About this exercise: Would you copy the listing below exactly, keeping the pictures out?

══════════

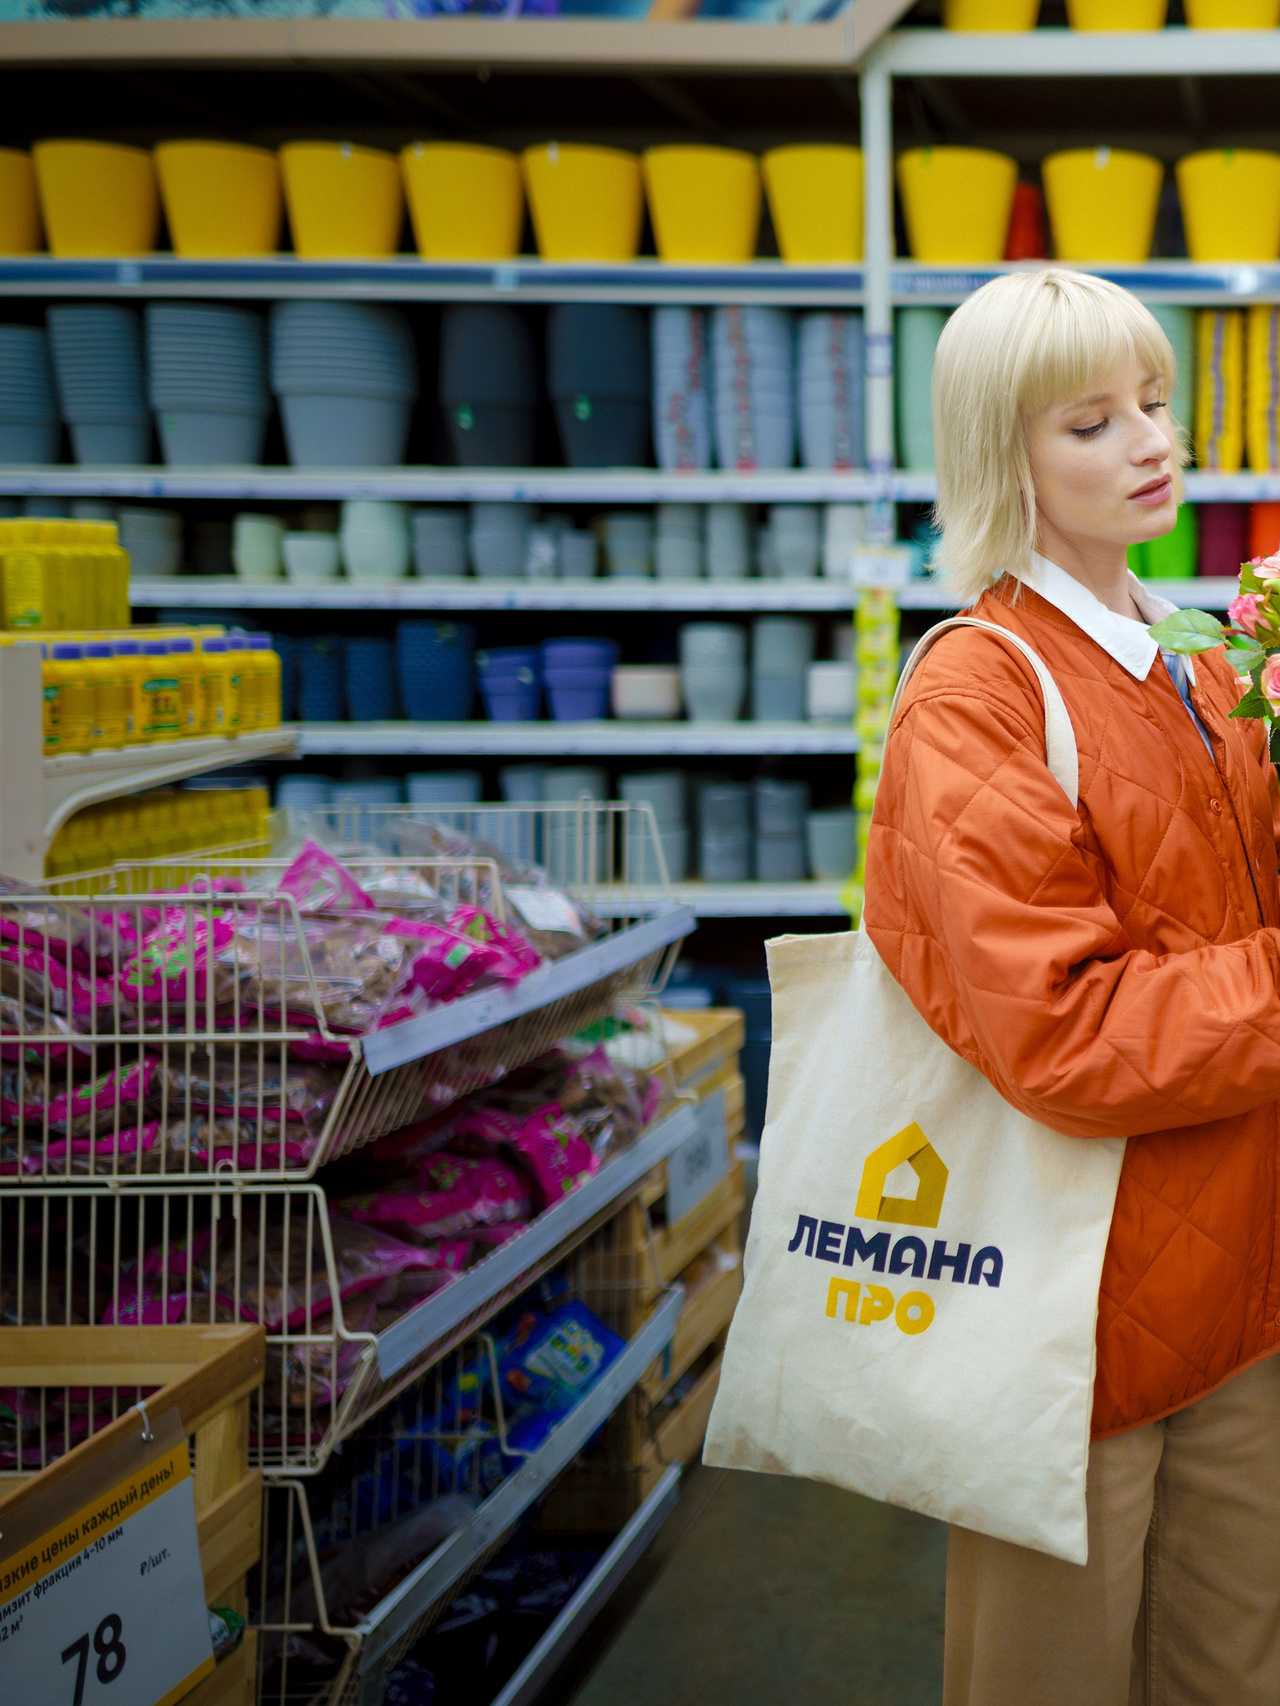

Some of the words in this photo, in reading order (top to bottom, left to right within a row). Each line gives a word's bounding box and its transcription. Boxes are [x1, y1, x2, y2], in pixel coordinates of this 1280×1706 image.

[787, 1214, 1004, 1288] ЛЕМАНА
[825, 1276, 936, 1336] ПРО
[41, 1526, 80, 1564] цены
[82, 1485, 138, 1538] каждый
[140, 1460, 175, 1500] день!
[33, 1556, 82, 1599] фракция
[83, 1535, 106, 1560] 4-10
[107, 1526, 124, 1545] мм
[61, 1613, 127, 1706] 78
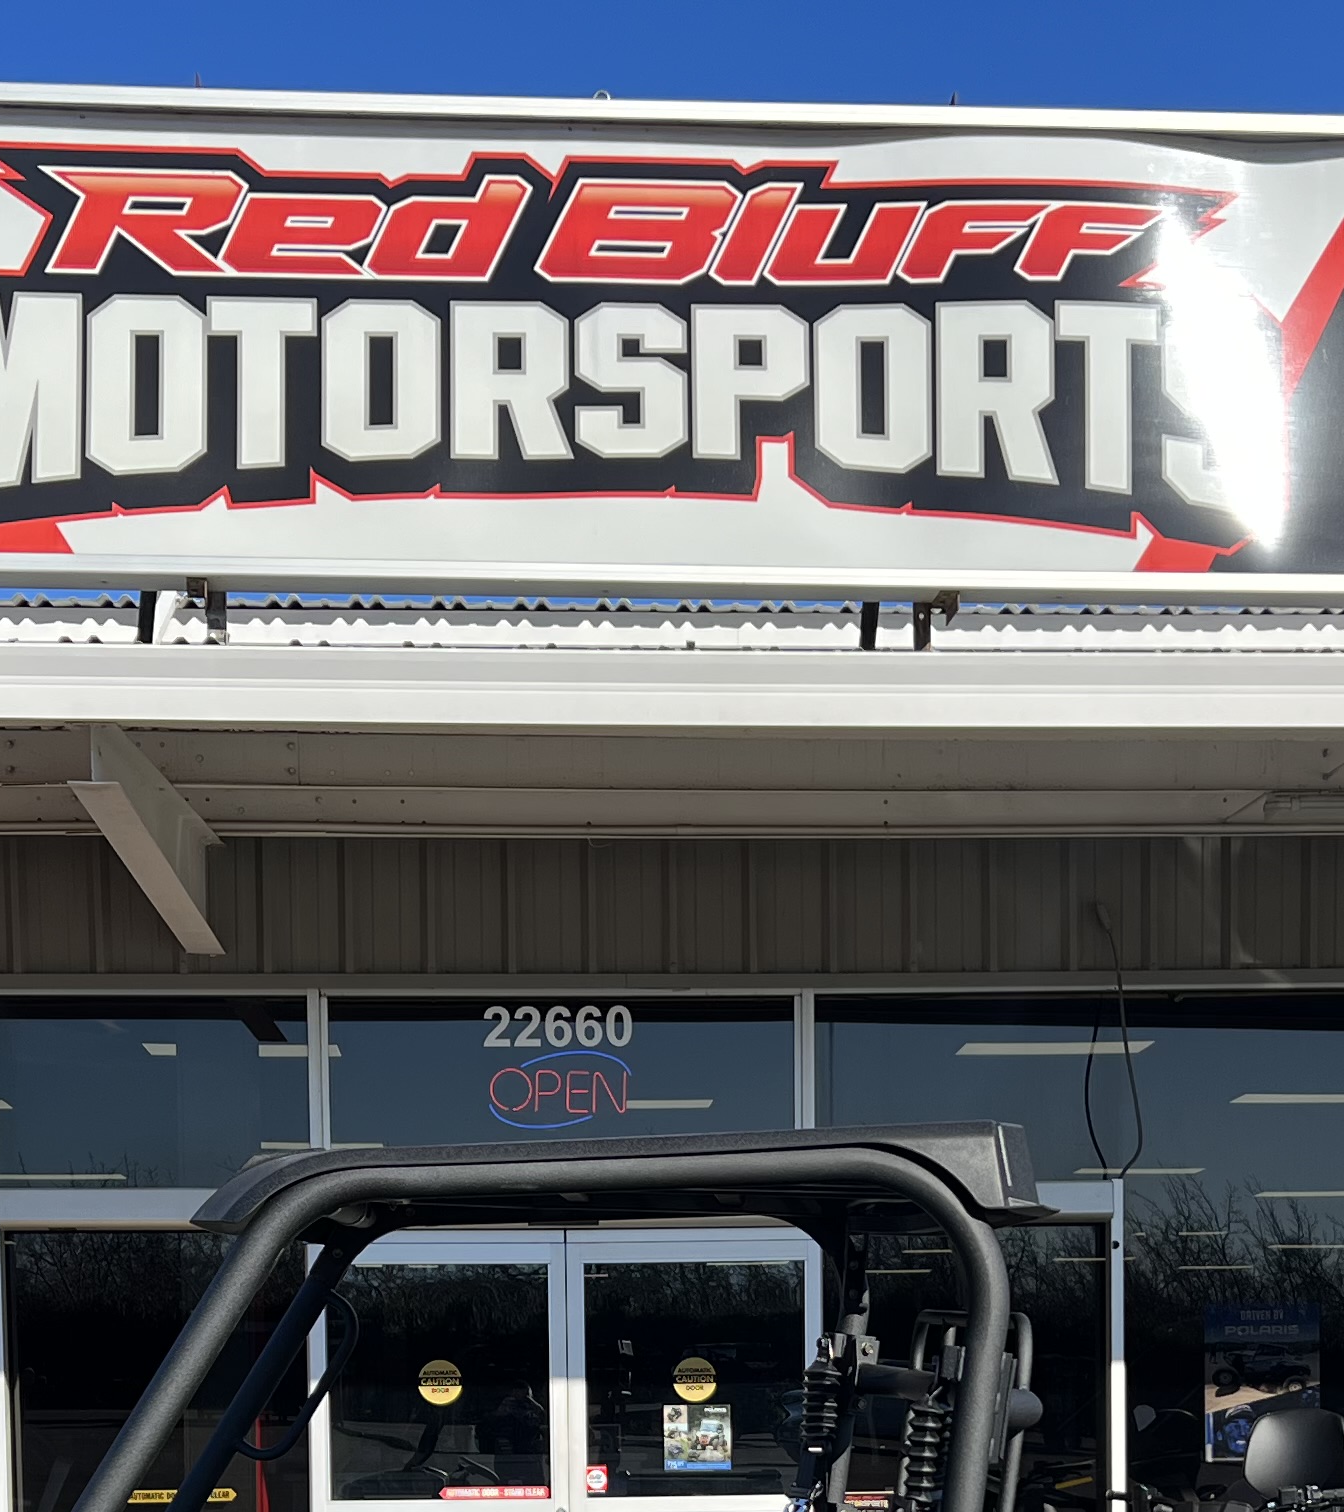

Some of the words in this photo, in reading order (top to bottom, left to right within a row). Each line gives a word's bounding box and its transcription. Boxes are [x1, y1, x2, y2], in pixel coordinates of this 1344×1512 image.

══════════

Problem solution:
Some of the words in this photo, in reading order (top to bottom, left to right within a row). Each line gives a word's bounding box and its transcription. Boxes are [x1, y1, x2, y2], in pixel coordinates of this 1280×1706 image.

[787, 1214, 1004, 1288] ЛЕМАНА
[825, 1276, 936, 1336] ПРО
[41, 1526, 80, 1564] цены
[82, 1485, 138, 1538] каждый
[140, 1460, 175, 1500] день!
[33, 1556, 82, 1599] фракция
[83, 1535, 106, 1560] 4-10
[107, 1526, 124, 1545] мм
[61, 1613, 127, 1706] 78

Some of the words in this photo, in reading order (top to bottom, left to right within a row). Each line gives a word's bounding box and its transcription. Boxes are [x1, y1, x2, y2], in pixel coordinates of this 1344×1512 image.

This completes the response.